At a Glance
- Tasks: Lead and innovate observability solutions across diverse tech environments.
- Company: Join Citi, a global leader in financial services with a dynamic culture.
- Benefits: Enjoy 27 days annual leave, private medical care, and a hybrid work model.
- Why this job: Shape the future of observability while leading a talented team.
- Qualifications: Experience in observability and strong leadership skills required.
- Other info: Be part of a supportive workplace that values diversity and growth.
The predicted salary is between 72000 - 108000 ÂŁ per year.

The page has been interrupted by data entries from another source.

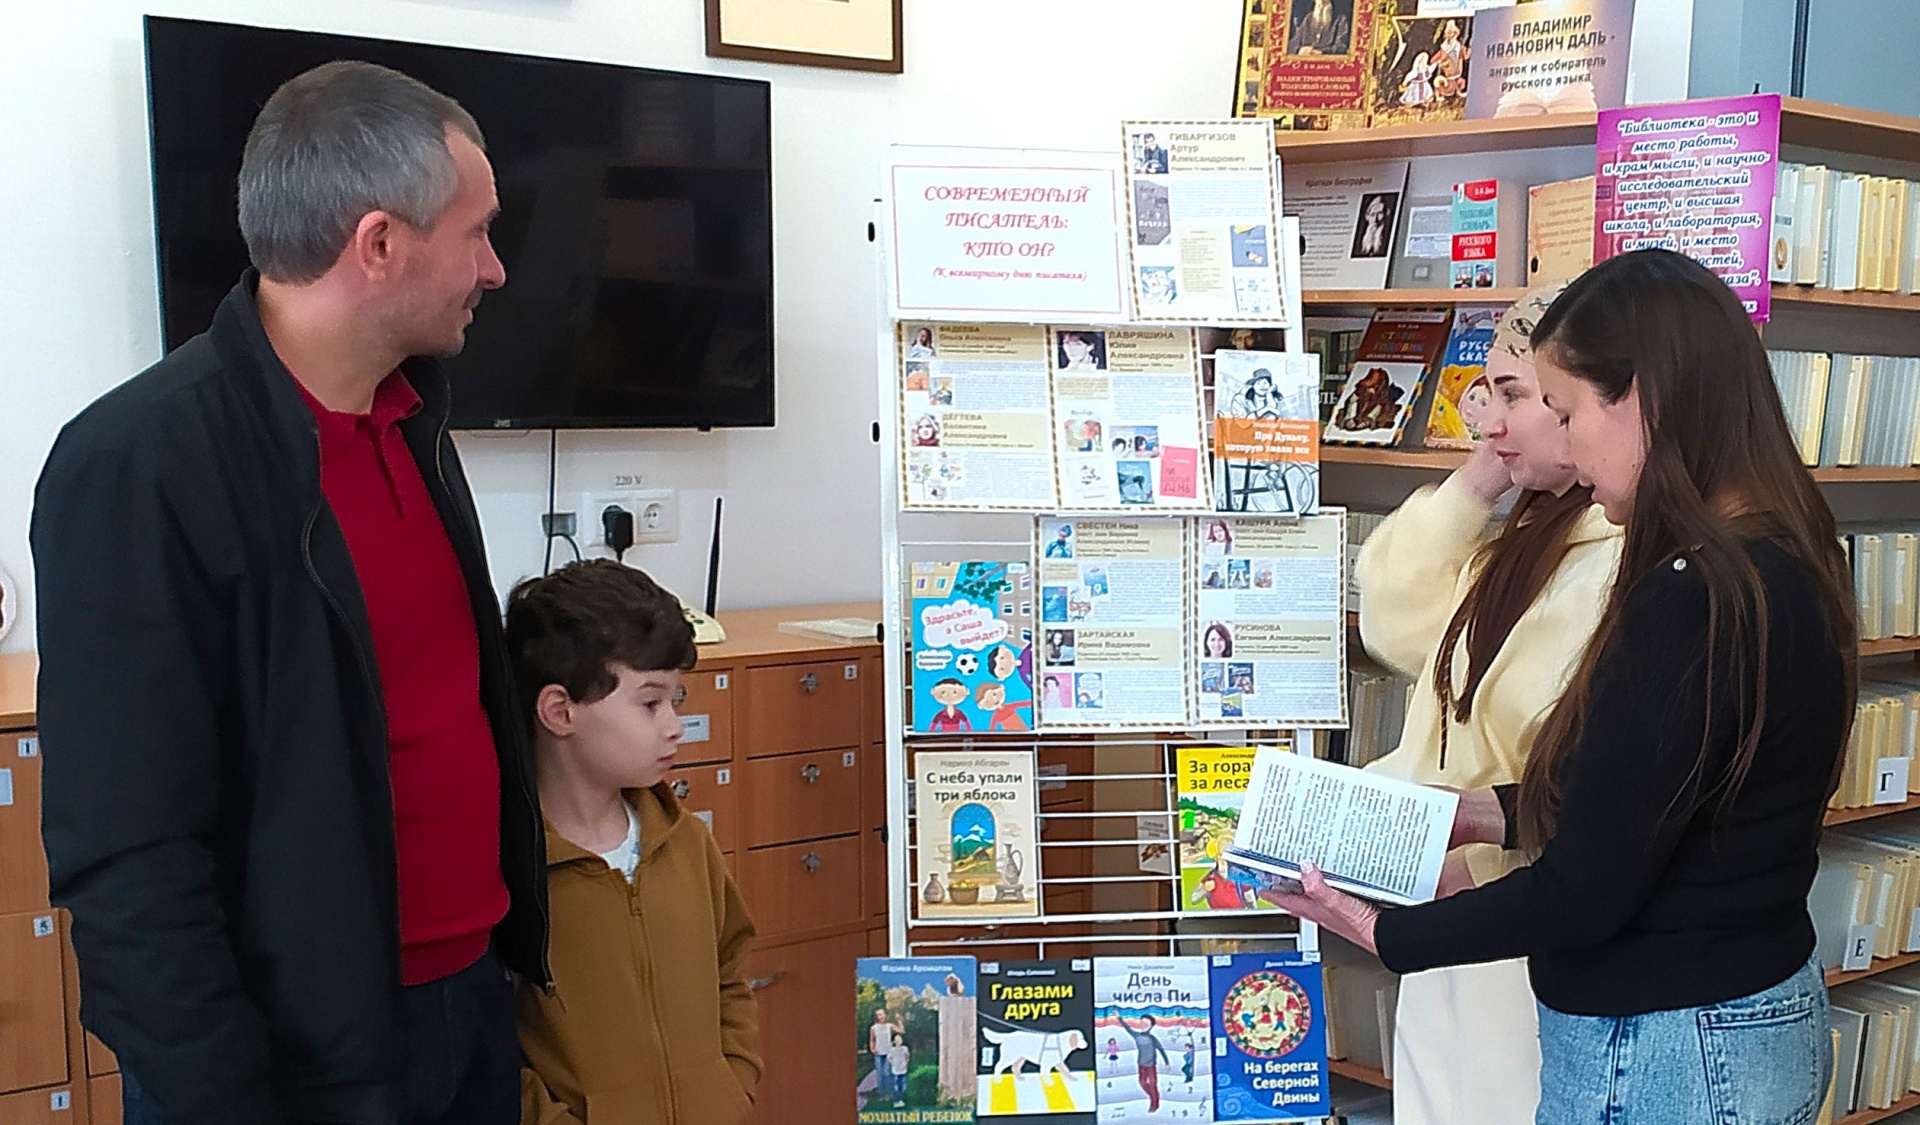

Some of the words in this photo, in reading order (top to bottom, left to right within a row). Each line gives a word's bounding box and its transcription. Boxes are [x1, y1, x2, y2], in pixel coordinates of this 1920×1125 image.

[1512, 15, 1591, 37] ВЛАДИМИР
[1486, 37, 1564, 58] ИВАНОВИЧ
[1567, 31, 1606, 49] ДАЛЬ
[1489, 65, 1527, 78] знаток
[1531, 64, 1537, 72] и
[1541, 56, 1606, 72] собиратель
[1501, 77, 1551, 92] русского
[1556, 73, 1590, 85] языка
[1717, 115, 1743, 125] это
[1748, 113, 1756, 122] и
[1170, 133, 1236, 141] ГИВАРГИЗОВ
[1634, 141, 1675, 152] место
[1680, 135, 1737, 151] работы,
[1170, 144, 1199, 152] Артур
[1171, 155, 1245, 163] Александрович
[1616, 162, 1648, 176] храм
[1652, 157, 1698, 171] мысли,
[1704, 157, 1711, 165] и
[1717, 153, 1768, 167] научно-
[1619, 174, 1748, 191] исследовательский
[924, 185, 1090, 203] СОВРЕМЕННЫЙ
[1625, 200, 1670, 213] центр,
[1675, 199, 1682, 207] и
[1687, 195, 1740, 207] высшая
[945, 212, 1069, 230] ПИСАТЕЛЬ:
[1605, 220, 1650, 231] школа,
[1655, 220, 1662, 228] и
[1666, 214, 1760, 229] лаборатория,
[963, 242, 1013, 258] КТО
[1018, 242, 1055, 257] ОН?
[1624, 241, 1632, 249] и
[1636, 237, 1677, 250] музей,
[1683, 238, 1690, 246] и
[1694, 235, 1737, 246] место
[933, 266, 948, 279] (К
[1013, 269, 1033, 278] дню
[1036, 271, 1087, 281] писателя)
[1459, 340, 1490, 351] РУСС
[1110, 352, 1184, 360] Александровна
[1225, 444, 1264, 454] которую
[615, 475, 633, 486] 220
[634, 475, 643, 485] V
[925, 607, 977, 626] Здрасьте,
[946, 627, 952, 635] а
[954, 620, 983, 633] Саша
[960, 627, 1005, 646] выйдет?
[1189, 760, 1208, 773] За
[1213, 760, 1253, 775] гора
[926, 772, 936, 784] С
[940, 771, 975, 784] неба
[978, 774, 1022, 786] упали
[1189, 779, 1208, 790] за
[1880, 772, 1894, 792] Г
[934, 791, 960, 803] три
[964, 788, 1016, 801] яблока
[1855, 938, 1866, 957] Е
[1127, 972, 1172, 990] День
[991, 983, 1074, 1001] Глазами
[1113, 992, 1163, 1003] числа
[1168, 989, 1191, 1003] Пи
[1004, 1002, 1061, 1021] друга
[1244, 1063, 1263, 1074] На
[1265, 1061, 1319, 1075] берегах
[1252, 1074, 1320, 1091] Северной
[1272, 1092, 1321, 1107] Двины
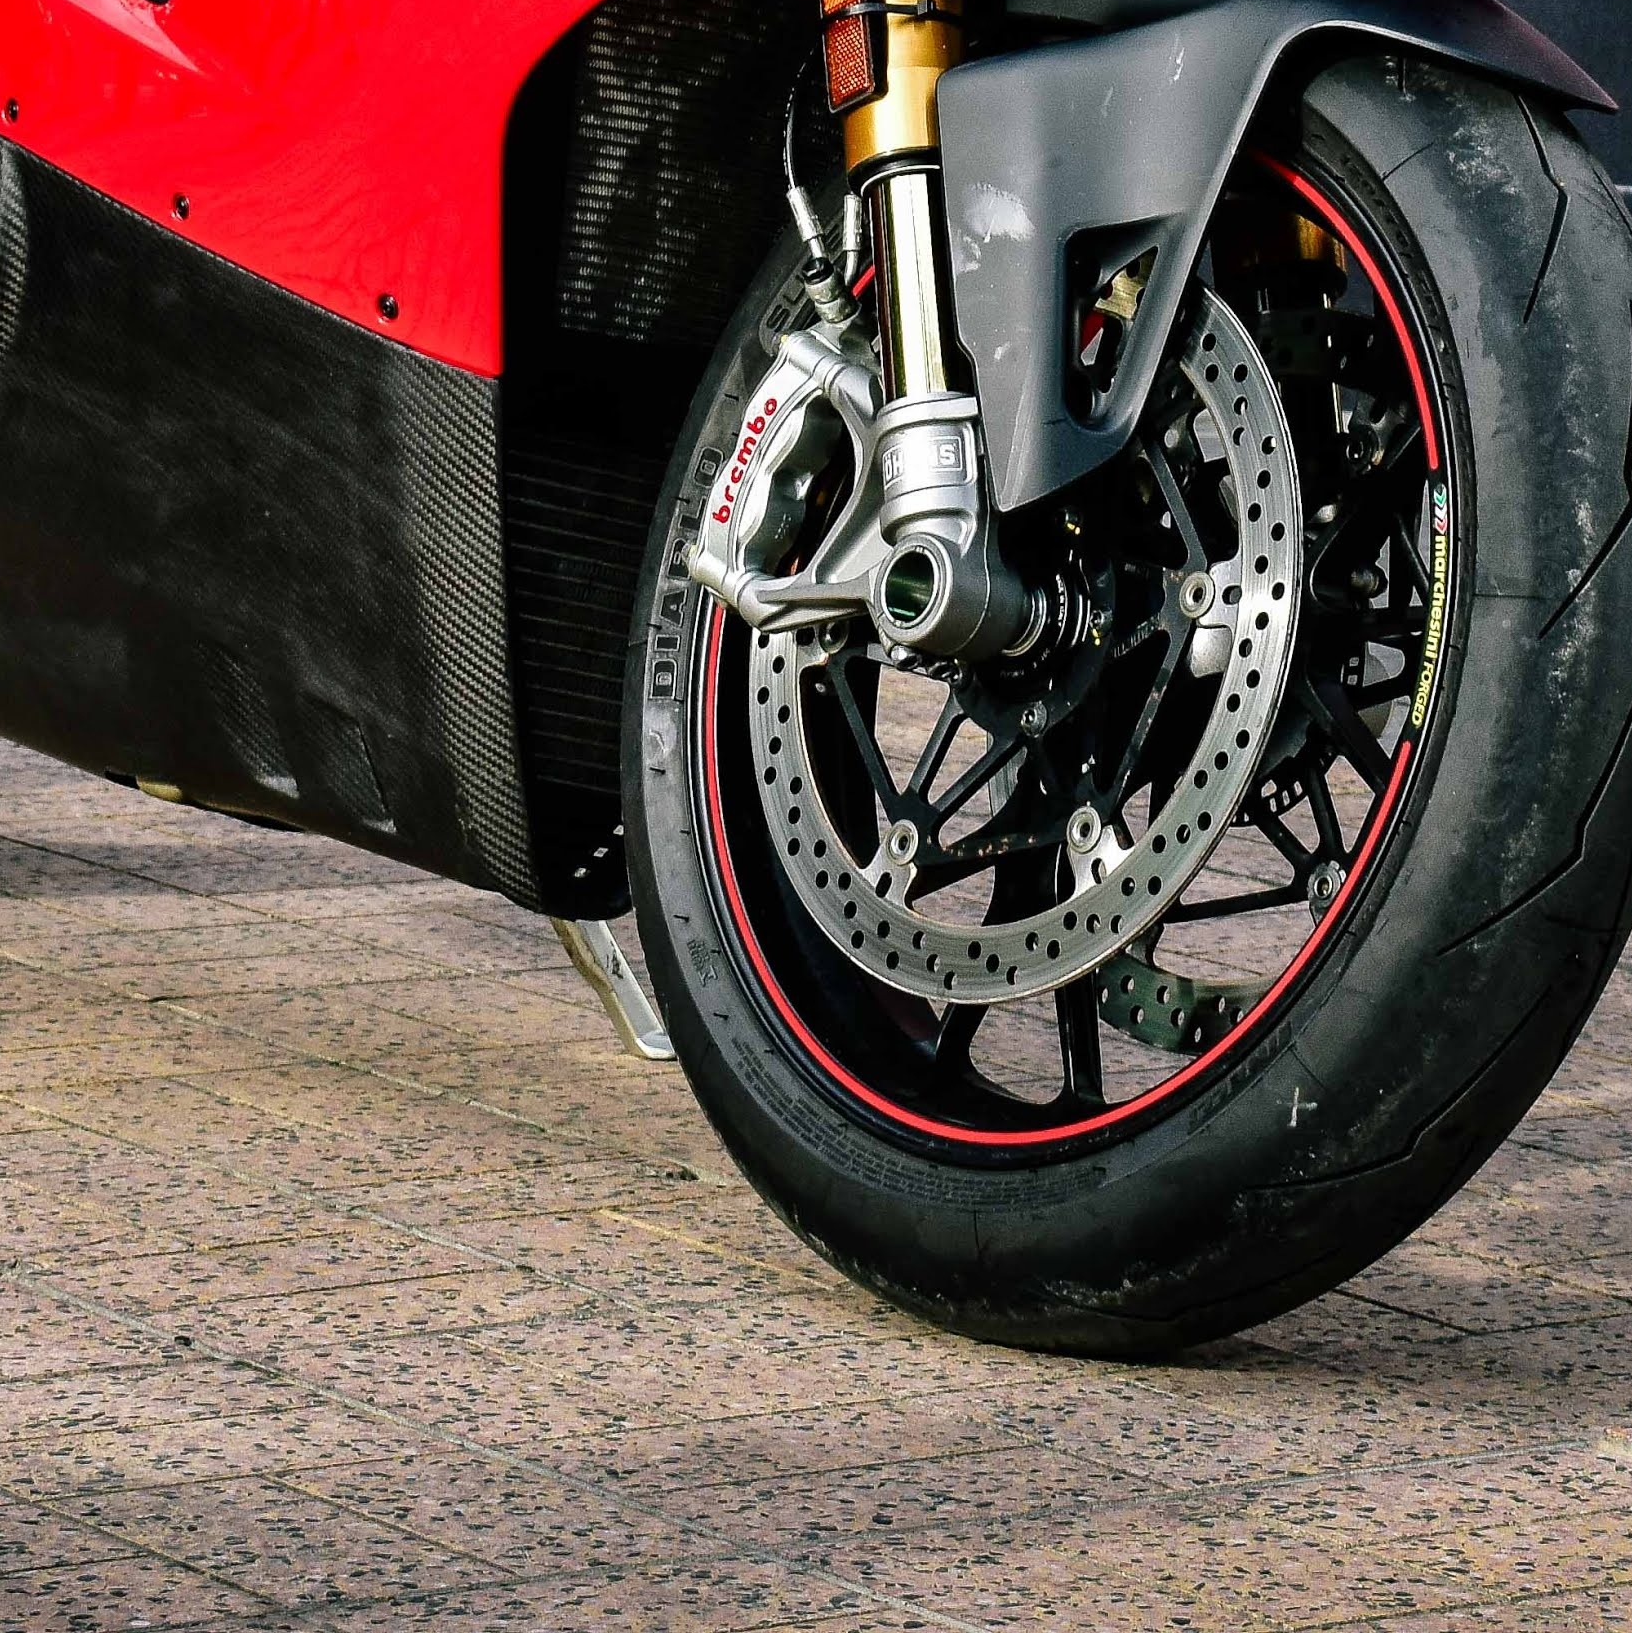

The SRE Observability Lead Engineer is a hands-on leader responsible for shaping and delivering the future of Observability across Services Technology. This role reports into the Head of SRE Services and sits within a small central enablement team. You will define the long-term vision, build and scale modern observability capabilities across business lines, and lead a small team of SREs delivering reusable observability services. This is a blended leadership and engineering role – the ideal candidate pairs strategic vision with the technical depth to resolve real-world telemetry challenges across on-prem, cloud, and container-based environments (ECS, Kubernetes, etc.). You’ll work closely with architecture & other engineering functions to not only resolve common challenges affecting SREs aligned to LoBs, but will ensure observability is embedded as a non-functional requirement (NFR) for all new services going live. You will collaborate with platform and infrastructure teams to ensure enterprise-scale, not siloed solutions. You will also be responsible for managing a small, high-impact team of SREs based in your region. This role requires a comprehensive understanding of observability challenges across Services (Payments, Securities Services, Trade, Digital & Data) and the ability to influence outcomes at the enterprise level. Strong commercial awareness, technical credibility, and excellent communication skills are essential to negotiate internally, influence peers, and drive change. Some external communication may be necessary.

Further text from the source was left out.